Cimadevilla was working in institutional food sales when he was approached by Orlando Predators head coach Les Moss about playing in the Arena Football League (AFL). Cimadevilla played in all ten games for the Predators in 1992, converting 13 of 34 field goals and 50 of 59 extra points while also recording four solo tackles, one assisted tackle, and one fumble recovery. The Predators finished the year with a 9–1 record and lost in ArenaBowl VI to the Detroit Drive by a score of 56–38. Cimadevilla was named first-team All-Arena for his performance during the 1992 season. He appeared in all 12 games in 1993, totaling nine of 34 field goals, 57 of 66 extra points, and six solo tackles. Orlando finished the season 10–2 and lost in the semifinals to the Tampa Bay Storm 55–52. Cimadevilla played in all 12 games for the second consecutive season in 1994, recording six of 18 field goals, 66 of 77 extra points, five solo tackles, and one assisted tackle. The Predators went 11–1 and lost in ArenaBowl VIII to the Arizona Rattlers by a score of 36–31. Cimadevilla earned first-team All-Arena recognition for the 1994 season.
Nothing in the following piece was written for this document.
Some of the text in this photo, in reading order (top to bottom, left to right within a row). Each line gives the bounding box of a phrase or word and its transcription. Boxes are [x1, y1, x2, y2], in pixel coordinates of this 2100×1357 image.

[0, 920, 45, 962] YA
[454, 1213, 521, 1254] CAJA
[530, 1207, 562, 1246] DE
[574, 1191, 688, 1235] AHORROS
In December 1994, Cimadevilla was selected by the Tampa Bay Storm in an expansion draft. He had planned on retiring before being drafted by the Storm. Cimadevilla appeared in all 12 games for the third straight year in 1995, making 14 of 33 field goals and	69 of 79 extra points, as the Storm finished the season with a 10–2 record. On September 1, 1995, they won ArenaBowl IX against Cimadevilla's former team, the Predators, by a margin of 38–35. Cimadevilla played in all 14 games for Tampa Bay during the 1996 season, totaling six of 27 field goals, 74 of 89 extra points, nine solo tackles, and one assisted tackle. The Storm went 12–2 and won the ArenaBowl for the second consecutive season, defeating the Iowa Barnstormers in ArenaBowl X by a score of 42–38.
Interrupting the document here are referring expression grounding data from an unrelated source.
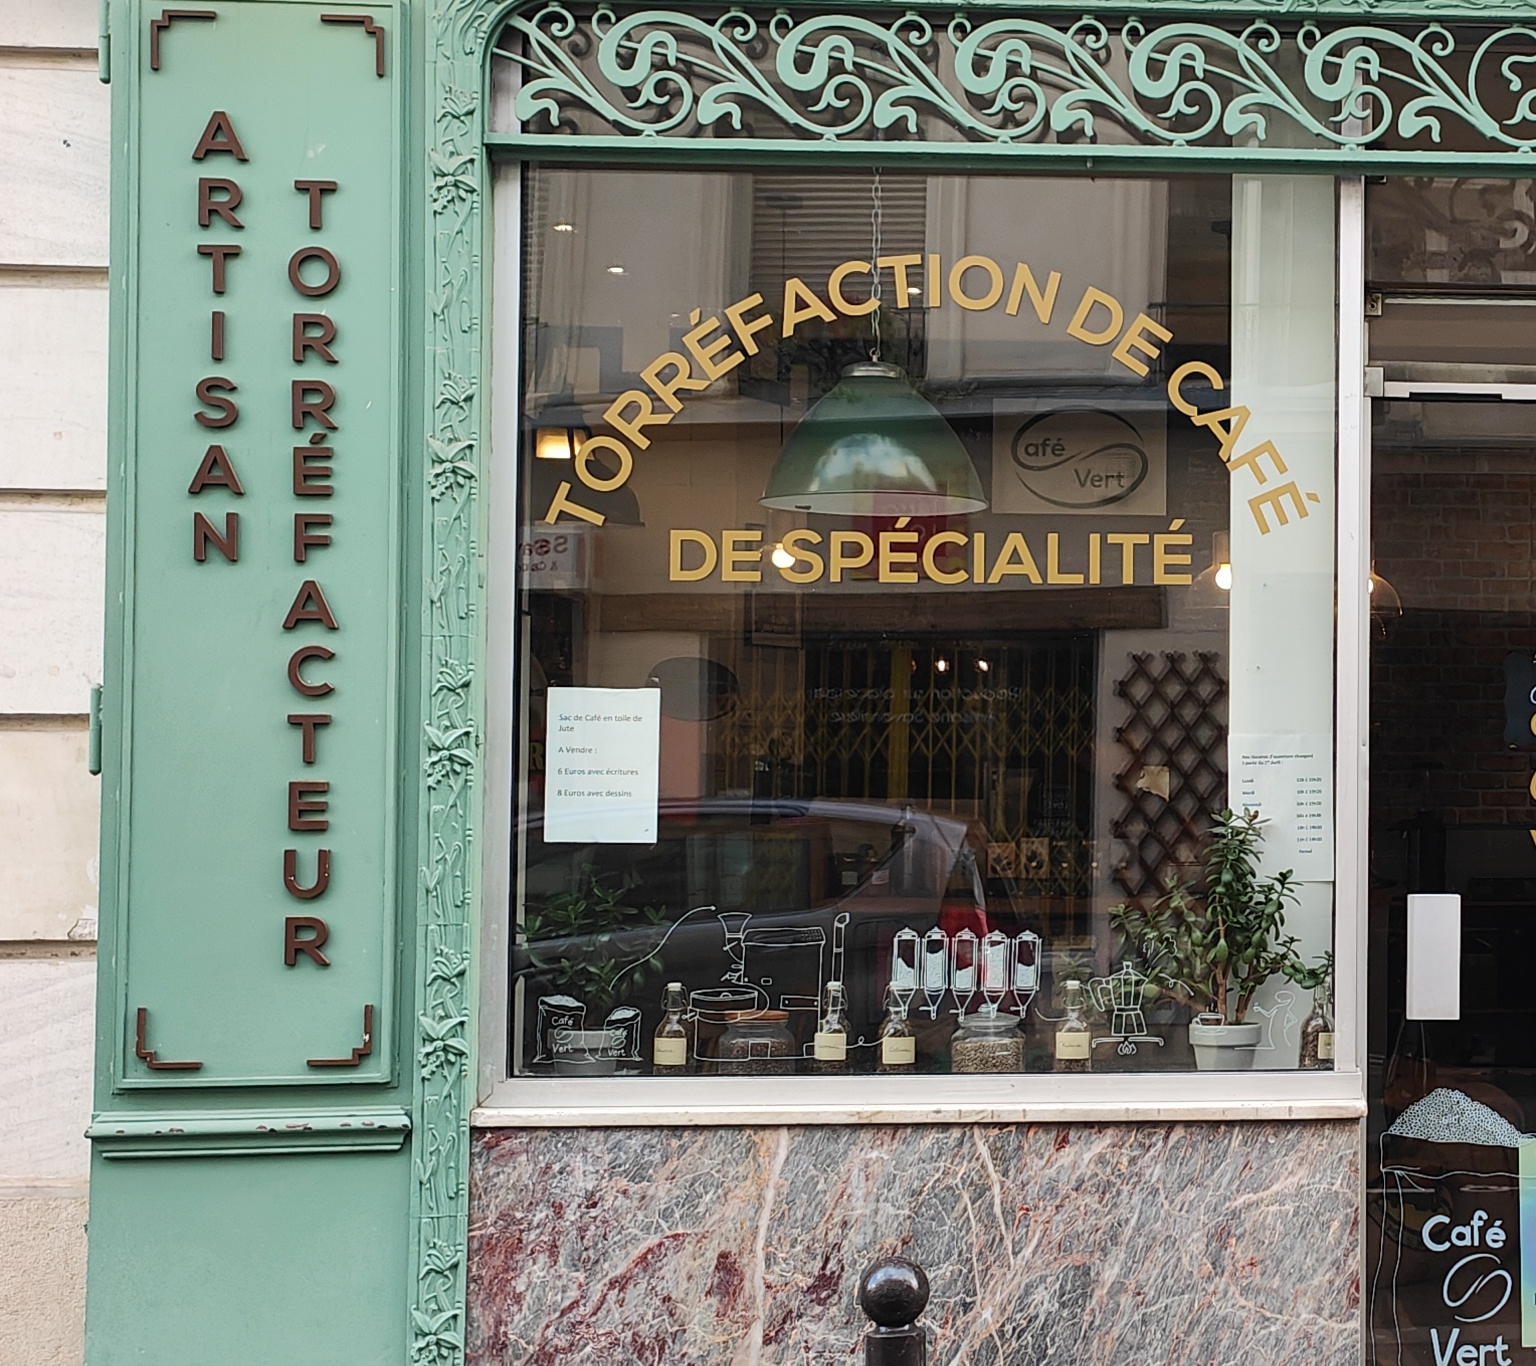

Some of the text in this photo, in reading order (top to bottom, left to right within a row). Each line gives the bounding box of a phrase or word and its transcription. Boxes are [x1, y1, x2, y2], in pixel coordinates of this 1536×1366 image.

[188, 109, 250, 566] ARTISAN
[545, 253, 1321, 537] TORRÉFACTION DE CAFÉ
[1073, 467, 1126, 490] Vert
[668, 515, 1194, 587] DE SPÉCIALITÉ
[281, 178, 342, 970] TORRÉFACTEUR
[558, 713, 572, 722] Sac
[573, 714, 583, 722] de
[584, 714, 601, 722] Café
[614, 714, 631, 722] toile
[632, 714, 643, 722] de
[558, 724, 575, 733] Jute
[557, 746, 564, 754] A
[565, 746, 593, 754] Vendre
[557, 768, 563, 776] 6
[564, 768, 586, 776] Euros
[606, 768, 639, 776] écritures
[564, 789, 585, 797] Euros
[605, 789, 632, 797] dessins
[551, 1015, 575, 1027] Café
[552, 1043, 574, 1054] Vert
[607, 1047, 627, 1057] Vert
[1421, 1209, 1507, 1253] Café
In November 1996, Cimadevilla was selected by the Nashville Kats in an expansion draft. Cimadevilla, who was the AFL's all-time leading scorer at the time, was booed by Kats fans after going zero for four on field goals in a 1997 preseason game despite also making seven of seven extra points, with Cimadevilla stating "I expect to hear boos... especially in a new city that doesn't understand this game. They [fans] tend to forget the uprights are only 9 feet wide and they're expecting you to make, if not everything, a lot." The Tennessean noted that the AFL field goal average was only 41% in 1996. Cimadevilla appeared in all 14 regular season games for the second straight year in 1997, recording 13 of 32 field goals, 81 of 96 extra points, 12 solo tackles, and one assisted tackle. The Kats finished 10–4 and lost in the quarterfinals to Cimadevilla's former team, the Storm. He played in three games during his final AFL season in 1998, converting six of 11 field goals and 16 of 17 extra points. He missed most of the 1998 season due to a groin injury. In 1999, Cimadevilla was named the kicker on the all-time All-ArenaBowl team.

==Post-playing career==
Cimadevilla spent time as an assistant coach in the AFL, an assistant general manager in the af2, a sponsorship sales executive in the XFL, and the director of corporate sponsorships for the Georgia Force.